Each line of the data below should be restated exactly, with images left out.

BEGIN Exercise data

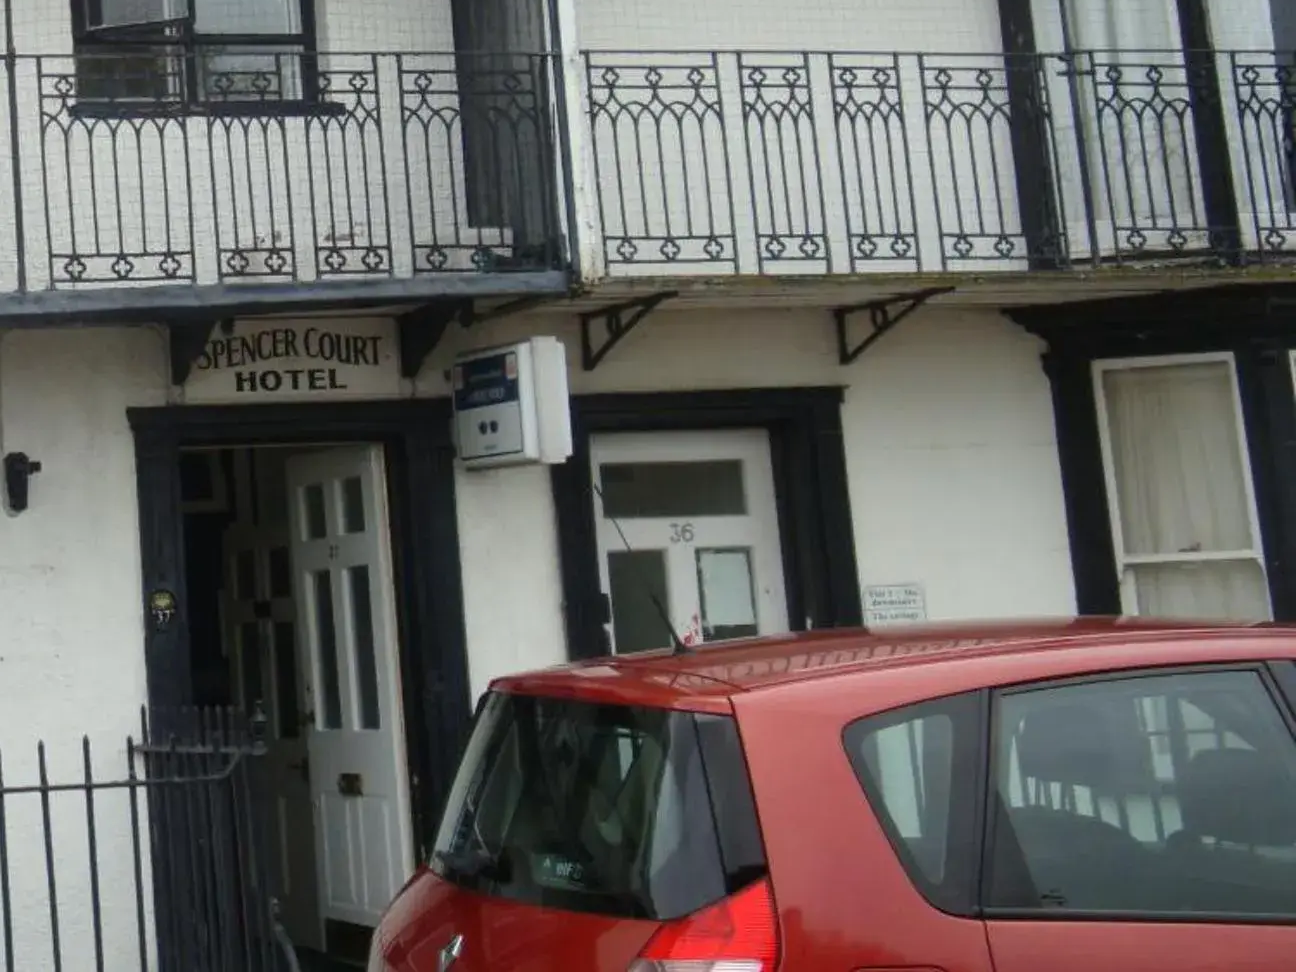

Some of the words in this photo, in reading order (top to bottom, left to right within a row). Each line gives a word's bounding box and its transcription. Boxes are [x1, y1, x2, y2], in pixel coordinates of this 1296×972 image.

[196, 328, 299, 370] SPENCER
[305, 328, 383, 366] COURT
[234, 368, 348, 392] HOTEL
[669, 523, 695, 544] 36

END Exercise data

Completed exercise:
Some of the words in this photo, in reading order (top to bottom, left to right within a row). Each line gives a word's bounding box and its transcription. Boxes are [x1, y1, x2, y2], in pixel coordinates of this 1296×972 image.

[196, 328, 299, 370] SPENCER
[305, 328, 383, 366] COURT
[234, 368, 348, 392] HOTEL
[669, 523, 695, 544] 36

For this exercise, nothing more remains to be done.